SUPPLIED MATERIAL:

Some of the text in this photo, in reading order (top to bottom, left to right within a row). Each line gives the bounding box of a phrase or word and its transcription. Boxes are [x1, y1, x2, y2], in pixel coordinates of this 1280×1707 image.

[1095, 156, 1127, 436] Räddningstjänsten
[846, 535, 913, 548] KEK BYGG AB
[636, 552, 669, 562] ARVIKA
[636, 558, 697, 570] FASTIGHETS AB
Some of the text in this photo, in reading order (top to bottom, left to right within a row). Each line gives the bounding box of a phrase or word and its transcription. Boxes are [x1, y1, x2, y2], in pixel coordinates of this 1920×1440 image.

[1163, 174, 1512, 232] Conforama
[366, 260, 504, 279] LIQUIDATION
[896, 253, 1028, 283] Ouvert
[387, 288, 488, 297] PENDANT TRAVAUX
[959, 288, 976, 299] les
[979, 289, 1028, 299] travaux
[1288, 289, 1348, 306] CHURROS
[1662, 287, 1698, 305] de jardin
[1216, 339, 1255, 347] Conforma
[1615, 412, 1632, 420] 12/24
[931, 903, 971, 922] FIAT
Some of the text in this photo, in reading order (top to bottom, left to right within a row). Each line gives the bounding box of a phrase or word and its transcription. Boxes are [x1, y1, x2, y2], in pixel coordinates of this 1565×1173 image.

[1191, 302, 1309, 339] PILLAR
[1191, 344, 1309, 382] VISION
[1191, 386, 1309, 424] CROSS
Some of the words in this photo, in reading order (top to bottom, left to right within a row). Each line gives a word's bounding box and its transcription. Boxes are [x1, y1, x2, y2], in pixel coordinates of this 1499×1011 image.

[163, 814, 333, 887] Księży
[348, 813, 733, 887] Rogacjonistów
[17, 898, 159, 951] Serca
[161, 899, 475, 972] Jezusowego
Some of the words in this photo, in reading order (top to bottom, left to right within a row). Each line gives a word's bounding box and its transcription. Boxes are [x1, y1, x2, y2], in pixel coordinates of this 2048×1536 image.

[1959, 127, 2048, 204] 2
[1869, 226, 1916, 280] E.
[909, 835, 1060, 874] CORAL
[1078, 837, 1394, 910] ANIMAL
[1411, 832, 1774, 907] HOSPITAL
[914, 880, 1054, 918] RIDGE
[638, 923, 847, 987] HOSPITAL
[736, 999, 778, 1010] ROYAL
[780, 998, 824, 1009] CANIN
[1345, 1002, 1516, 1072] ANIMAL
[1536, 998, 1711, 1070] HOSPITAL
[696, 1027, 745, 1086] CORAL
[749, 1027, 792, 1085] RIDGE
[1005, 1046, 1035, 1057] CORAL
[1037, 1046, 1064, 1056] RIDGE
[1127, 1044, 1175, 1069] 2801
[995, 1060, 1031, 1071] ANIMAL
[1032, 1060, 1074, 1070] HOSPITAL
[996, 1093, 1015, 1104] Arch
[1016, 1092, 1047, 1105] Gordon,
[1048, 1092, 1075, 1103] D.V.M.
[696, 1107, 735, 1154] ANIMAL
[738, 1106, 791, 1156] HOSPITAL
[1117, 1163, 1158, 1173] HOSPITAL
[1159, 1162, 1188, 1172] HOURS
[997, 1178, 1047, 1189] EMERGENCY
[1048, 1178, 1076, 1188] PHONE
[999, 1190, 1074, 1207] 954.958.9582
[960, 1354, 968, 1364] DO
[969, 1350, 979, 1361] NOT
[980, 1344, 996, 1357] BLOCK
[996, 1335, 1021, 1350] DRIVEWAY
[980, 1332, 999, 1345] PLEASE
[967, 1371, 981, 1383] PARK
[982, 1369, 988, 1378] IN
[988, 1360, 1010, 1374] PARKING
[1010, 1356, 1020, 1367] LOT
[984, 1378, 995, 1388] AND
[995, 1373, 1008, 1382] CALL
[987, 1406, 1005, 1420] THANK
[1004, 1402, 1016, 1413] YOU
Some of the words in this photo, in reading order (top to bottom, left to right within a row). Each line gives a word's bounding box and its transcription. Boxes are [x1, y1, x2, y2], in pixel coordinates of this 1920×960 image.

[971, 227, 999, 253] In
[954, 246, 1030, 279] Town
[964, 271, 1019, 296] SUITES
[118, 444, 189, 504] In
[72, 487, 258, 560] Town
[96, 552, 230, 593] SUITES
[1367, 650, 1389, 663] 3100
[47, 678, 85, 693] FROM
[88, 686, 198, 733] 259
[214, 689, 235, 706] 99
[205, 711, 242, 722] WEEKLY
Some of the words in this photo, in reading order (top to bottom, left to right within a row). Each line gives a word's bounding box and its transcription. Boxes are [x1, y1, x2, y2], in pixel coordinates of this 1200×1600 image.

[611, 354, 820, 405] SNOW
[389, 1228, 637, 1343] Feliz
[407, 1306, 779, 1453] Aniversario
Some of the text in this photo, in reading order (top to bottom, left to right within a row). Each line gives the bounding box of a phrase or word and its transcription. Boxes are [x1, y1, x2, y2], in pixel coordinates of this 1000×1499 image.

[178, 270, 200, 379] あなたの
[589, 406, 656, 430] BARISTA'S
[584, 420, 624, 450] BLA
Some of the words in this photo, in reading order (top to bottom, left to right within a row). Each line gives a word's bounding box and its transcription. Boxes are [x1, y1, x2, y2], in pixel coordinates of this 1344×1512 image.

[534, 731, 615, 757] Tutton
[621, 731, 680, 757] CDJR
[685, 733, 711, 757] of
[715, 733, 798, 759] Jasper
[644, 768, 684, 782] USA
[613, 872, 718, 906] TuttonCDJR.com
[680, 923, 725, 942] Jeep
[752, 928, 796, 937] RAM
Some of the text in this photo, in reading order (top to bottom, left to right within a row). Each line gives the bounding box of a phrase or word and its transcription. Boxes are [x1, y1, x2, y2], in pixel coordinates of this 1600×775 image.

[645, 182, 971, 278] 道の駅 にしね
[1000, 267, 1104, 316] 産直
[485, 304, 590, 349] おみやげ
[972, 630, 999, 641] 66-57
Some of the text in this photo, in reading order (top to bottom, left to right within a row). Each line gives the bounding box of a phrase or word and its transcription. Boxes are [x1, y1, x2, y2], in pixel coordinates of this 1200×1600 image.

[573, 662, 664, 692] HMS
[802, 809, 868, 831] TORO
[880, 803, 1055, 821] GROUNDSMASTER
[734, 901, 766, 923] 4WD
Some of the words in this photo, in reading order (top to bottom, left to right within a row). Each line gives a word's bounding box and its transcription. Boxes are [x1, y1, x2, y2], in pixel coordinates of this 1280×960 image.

THE PROBLEM: This exercise requires that all of the entries be repeated exactly.

RESULT OF THE TASK:
Some of the text in this photo, in reading order (top to bottom, left to right within a row). Each line gives the bounding box of a phrase or word and its transcription. Boxes are [x1, y1, x2, y2], in pixel coordinates of this 1280×1707 image.

[1095, 156, 1127, 436] Räddningstjänsten
[846, 535, 913, 548] KEK BYGG AB
[636, 552, 669, 562] ARVIKA
[636, 558, 697, 570] FASTIGHETS AB
Some of the text in this photo, in reading order (top to bottom, left to right within a row). Each line gives the bounding box of a phrase or word and its transcription. Boxes are [x1, y1, x2, y2], in pixel coordinates of this 1920×1440 image.

[1163, 174, 1512, 232] Conforama
[366, 260, 504, 279] LIQUIDATION
[896, 253, 1028, 283] Ouvert
[387, 288, 488, 297] PENDANT TRAVAUX
[959, 288, 976, 299] les
[979, 289, 1028, 299] travaux
[1288, 289, 1348, 306] CHURROS
[1662, 287, 1698, 305] de jardin
[1216, 339, 1255, 347] Conforma
[1615, 412, 1632, 420] 12/24
[931, 903, 971, 922] FIAT
Some of the text in this photo, in reading order (top to bottom, left to right within a row). Each line gives the bounding box of a phrase or word and its transcription. Boxes are [x1, y1, x2, y2], in pixel coordinates of this 1565×1173 image.

[1191, 302, 1309, 339] PILLAR
[1191, 344, 1309, 382] VISION
[1191, 386, 1309, 424] CROSS
Some of the words in this photo, in reading order (top to bottom, left to right within a row). Each line gives a word's bounding box and its transcription. Boxes are [x1, y1, x2, y2], in pixel coordinates of this 1499×1011 image.

[163, 814, 333, 887] Księży
[348, 813, 733, 887] Rogacjonistów
[17, 898, 159, 951] Serca
[161, 899, 475, 972] Jezusowego
Some of the words in this photo, in reading order (top to bottom, left to right within a row). Each line gives a word's bounding box and its transcription. Boxes are [x1, y1, x2, y2], in pixel coordinates of this 2048×1536 image.

[1959, 127, 2048, 204] 2
[1869, 226, 1916, 280] E.
[909, 835, 1060, 874] CORAL
[1078, 837, 1394, 910] ANIMAL
[1411, 832, 1774, 907] HOSPITAL
[914, 880, 1054, 918] RIDGE
[638, 923, 847, 987] HOSPITAL
[736, 999, 778, 1010] ROYAL
[780, 998, 824, 1009] CANIN
[1345, 1002, 1516, 1072] ANIMAL
[1536, 998, 1711, 1070] HOSPITAL
[696, 1027, 745, 1086] CORAL
[749, 1027, 792, 1085] RIDGE
[1005, 1046, 1035, 1057] CORAL
[1037, 1046, 1064, 1056] RIDGE
[1127, 1044, 1175, 1069] 2801
[995, 1060, 1031, 1071] ANIMAL
[1032, 1060, 1074, 1070] HOSPITAL
[996, 1093, 1015, 1104] Arch
[1016, 1092, 1047, 1105] Gordon,
[1048, 1092, 1075, 1103] D.V.M.
[696, 1107, 735, 1154] ANIMAL
[738, 1106, 791, 1156] HOSPITAL
[1117, 1163, 1158, 1173] HOSPITAL
[1159, 1162, 1188, 1172] HOURS
[997, 1178, 1047, 1189] EMERGENCY
[1048, 1178, 1076, 1188] PHONE
[999, 1190, 1074, 1207] 954.958.9582
[960, 1354, 968, 1364] DO
[969, 1350, 979, 1361] NOT
[980, 1344, 996, 1357] BLOCK
[996, 1335, 1021, 1350] DRIVEWAY
[980, 1332, 999, 1345] PLEASE
[967, 1371, 981, 1383] PARK
[982, 1369, 988, 1378] IN
[988, 1360, 1010, 1374] PARKING
[1010, 1356, 1020, 1367] LOT
[984, 1378, 995, 1388] AND
[995, 1373, 1008, 1382] CALL
[987, 1406, 1005, 1420] THANK
[1004, 1402, 1016, 1413] YOU
Some of the words in this photo, in reading order (top to bottom, left to right within a row). Each line gives a word's bounding box and its transcription. Boxes are [x1, y1, x2, y2], in pixel coordinates of this 1920×960 image.

[971, 227, 999, 253] In
[954, 246, 1030, 279] Town
[964, 271, 1019, 296] SUITES
[118, 444, 189, 504] In
[72, 487, 258, 560] Town
[96, 552, 230, 593] SUITES
[1367, 650, 1389, 663] 3100
[47, 678, 85, 693] FROM
[88, 686, 198, 733] 259
[214, 689, 235, 706] 99
[205, 711, 242, 722] WEEKLY
Some of the words in this photo, in reading order (top to bottom, left to right within a row). Each line gives a word's bounding box and its transcription. Boxes are [x1, y1, x2, y2], in pixel coordinates of this 1200×1600 image.

[611, 354, 820, 405] SNOW
[389, 1228, 637, 1343] Feliz
[407, 1306, 779, 1453] Aniversario
Some of the text in this photo, in reading order (top to bottom, left to right within a row). Each line gives the bounding box of a phrase or word and its transcription. Boxes are [x1, y1, x2, y2], in pixel coordinates of this 1000×1499 image.

[178, 270, 200, 379] あなたの
[589, 406, 656, 430] BARISTA'S
[584, 420, 624, 450] BLA
Some of the words in this photo, in reading order (top to bottom, left to right within a row). Each line gives a word's bounding box and its transcription. Boxes are [x1, y1, x2, y2], in pixel coordinates of this 1344×1512 image.

[534, 731, 615, 757] Tutton
[621, 731, 680, 757] CDJR
[685, 733, 711, 757] of
[715, 733, 798, 759] Jasper
[644, 768, 684, 782] USA
[613, 872, 718, 906] TuttonCDJR.com
[680, 923, 725, 942] Jeep
[752, 928, 796, 937] RAM
Some of the text in this photo, in reading order (top to bottom, left to right within a row). Each line gives the bounding box of a phrase or word and its transcription. Boxes are [x1, y1, x2, y2], in pixel coordinates of this 1600×775 image.

[645, 182, 971, 278] 道の駅 にしね
[1000, 267, 1104, 316] 産直
[485, 304, 590, 349] おみやげ
[972, 630, 999, 641] 66-57
Some of the text in this photo, in reading order (top to bottom, left to right within a row). Each line gives the bounding box of a phrase or word and its transcription. Boxes are [x1, y1, x2, y2], in pixel coordinates of this 1200×1600 image.

[573, 662, 664, 692] HMS
[802, 809, 868, 831] TORO
[880, 803, 1055, 821] GROUNDSMASTER
[734, 901, 766, 923] 4WD
Some of the words in this photo, in reading order (top to bottom, left to right within a row). Each line gives a word's bounding box and its transcription. Boxes are [x1, y1, x2, y2], in pixel coordinates of this 1280×960 image.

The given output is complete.